### YOUR TASK
Exclude pictures; retype the lines below from the line containing "Some of the words" through the end of the records, both ends kept.

(DATA begins)

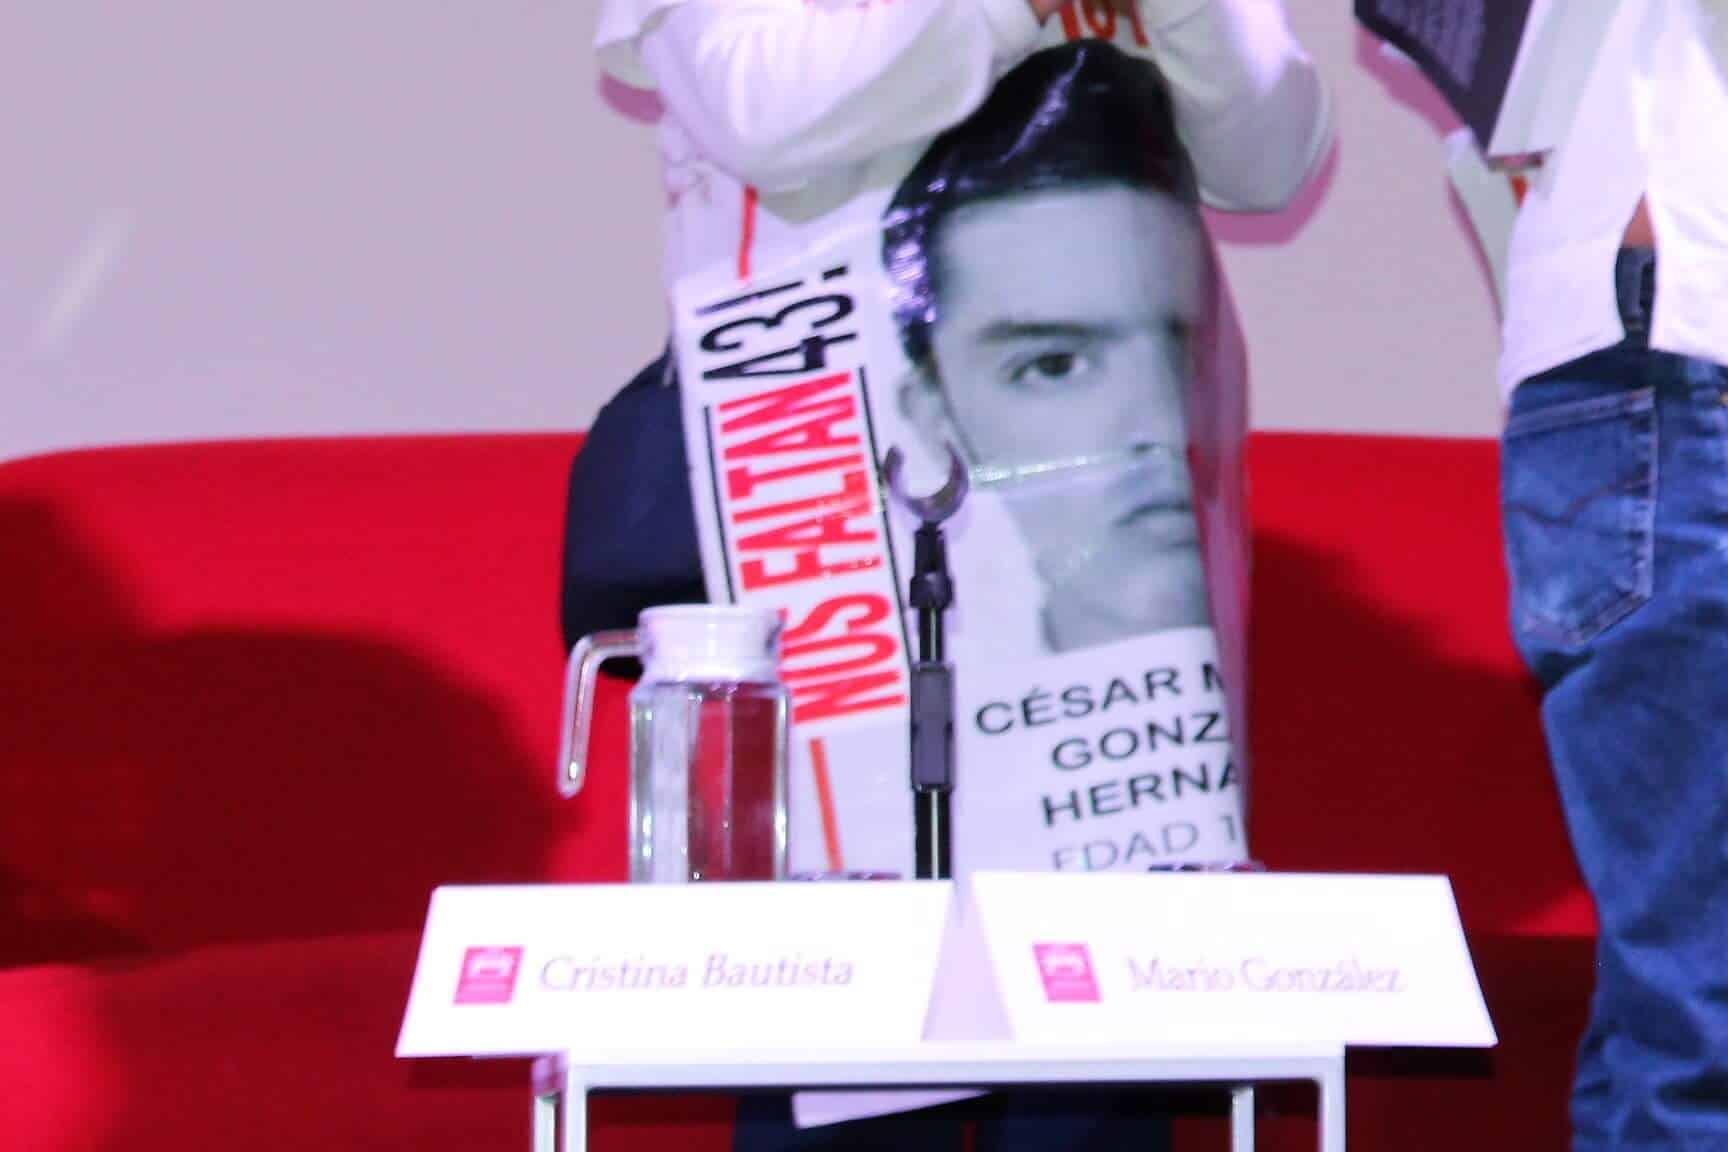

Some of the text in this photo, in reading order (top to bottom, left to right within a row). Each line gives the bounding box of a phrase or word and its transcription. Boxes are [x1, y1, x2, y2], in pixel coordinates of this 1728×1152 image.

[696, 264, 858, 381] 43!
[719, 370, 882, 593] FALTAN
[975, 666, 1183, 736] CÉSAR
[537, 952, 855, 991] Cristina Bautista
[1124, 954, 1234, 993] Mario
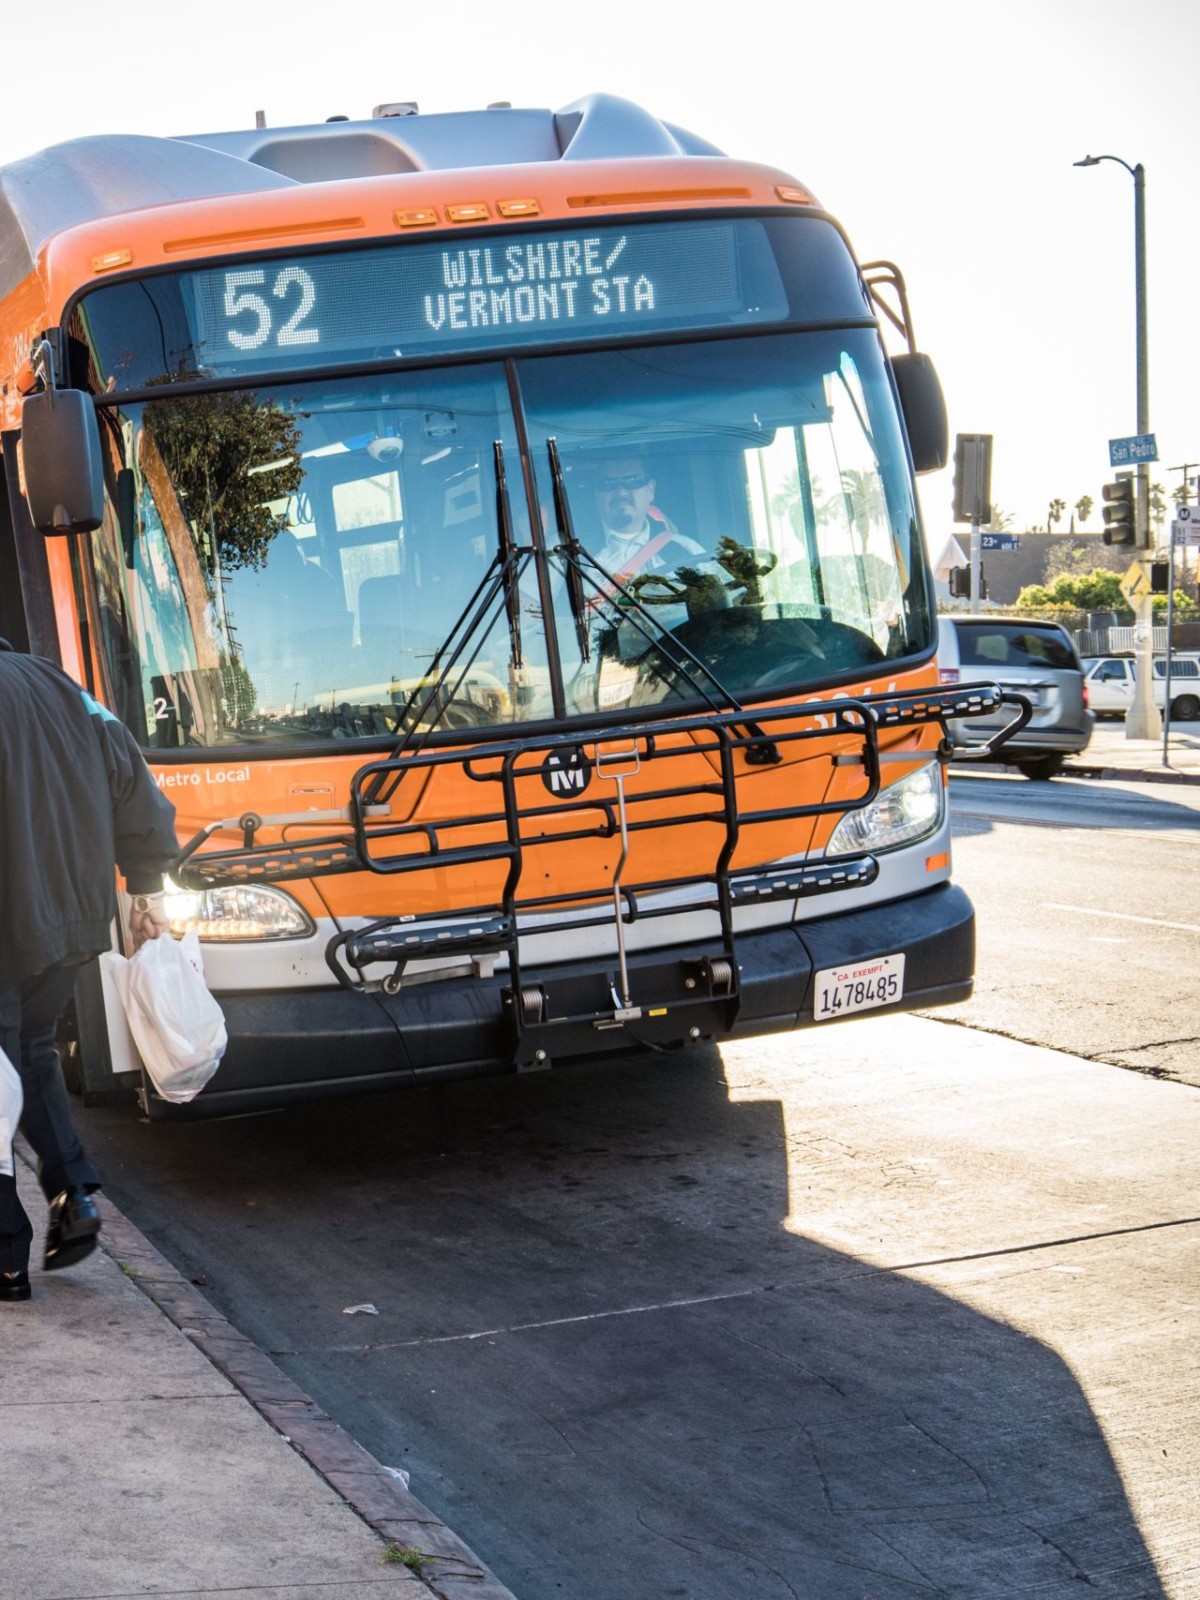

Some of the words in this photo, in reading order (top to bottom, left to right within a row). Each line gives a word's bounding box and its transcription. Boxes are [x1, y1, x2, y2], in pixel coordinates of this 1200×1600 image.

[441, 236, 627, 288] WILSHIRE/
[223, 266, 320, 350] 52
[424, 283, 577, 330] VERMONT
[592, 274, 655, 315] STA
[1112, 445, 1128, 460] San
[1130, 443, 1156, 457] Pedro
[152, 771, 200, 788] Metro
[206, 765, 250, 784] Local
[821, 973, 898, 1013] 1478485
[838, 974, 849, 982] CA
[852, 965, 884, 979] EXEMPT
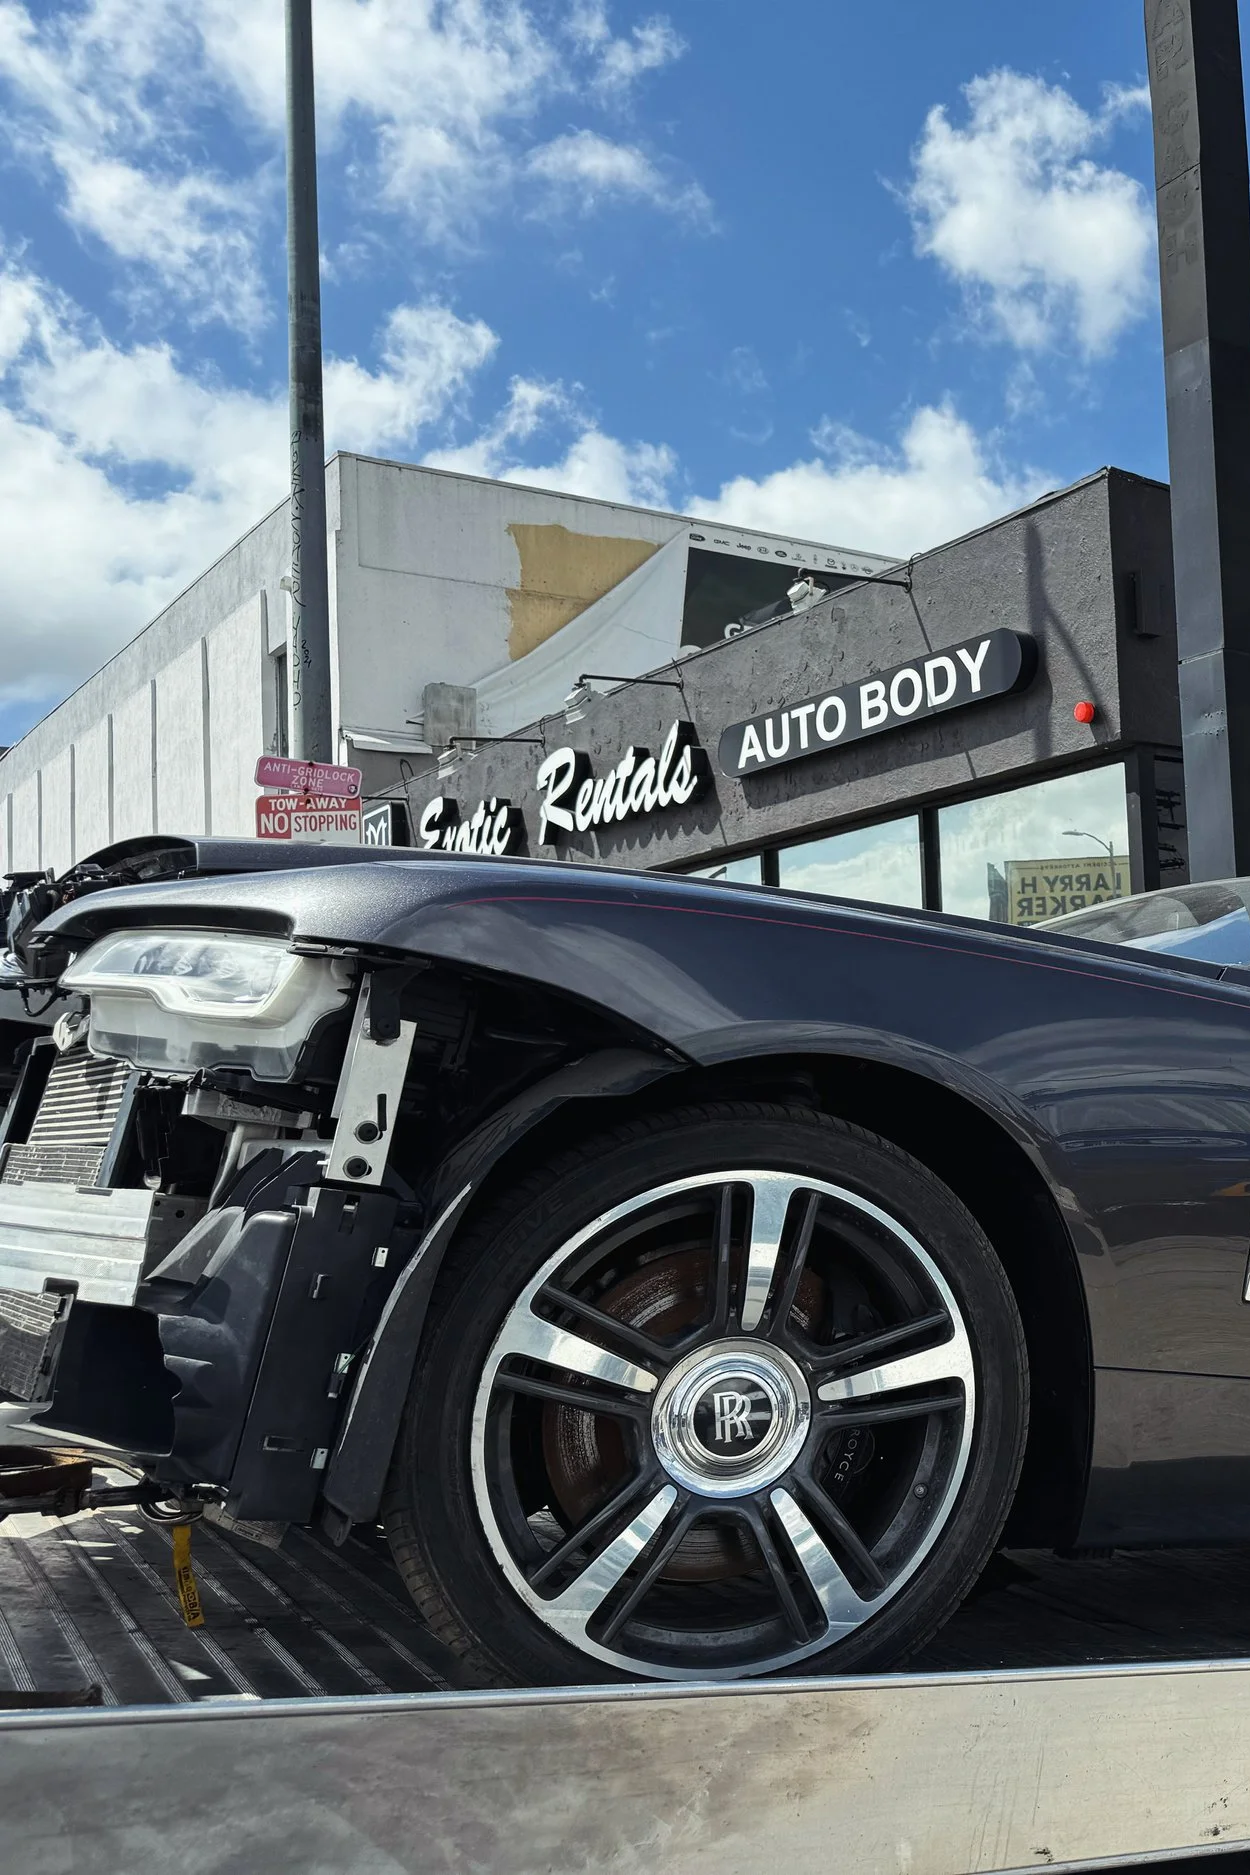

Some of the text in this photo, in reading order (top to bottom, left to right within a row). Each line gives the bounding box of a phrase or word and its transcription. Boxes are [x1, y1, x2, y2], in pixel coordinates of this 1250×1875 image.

(DATA ends)

### RESULT FOR THIS EXERCISE
Some of the words in this photo, in reading order (top to bottom, left to right within a row). Each line gives a word's bounding box and its transcription. Boxes are [x1, y1, x2, y2], in pixel coordinates of this 1200×1600 image.

[441, 236, 627, 288] WILSHIRE/
[223, 266, 320, 350] 52
[424, 283, 577, 330] VERMONT
[592, 274, 655, 315] STA
[1112, 445, 1128, 460] San
[1130, 443, 1156, 457] Pedro
[152, 771, 200, 788] Metro
[206, 765, 250, 784] Local
[821, 973, 898, 1013] 1478485
[838, 974, 849, 982] CA
[852, 965, 884, 979] EXEMPT

Some of the text in this photo, in reading order (top to bottom, left to right within a row). Each line gives the bounding box of a phrase or word and its transcription. Boxes are [x1, y1, x2, y2], in pixel coordinates of this 1250×1875 image.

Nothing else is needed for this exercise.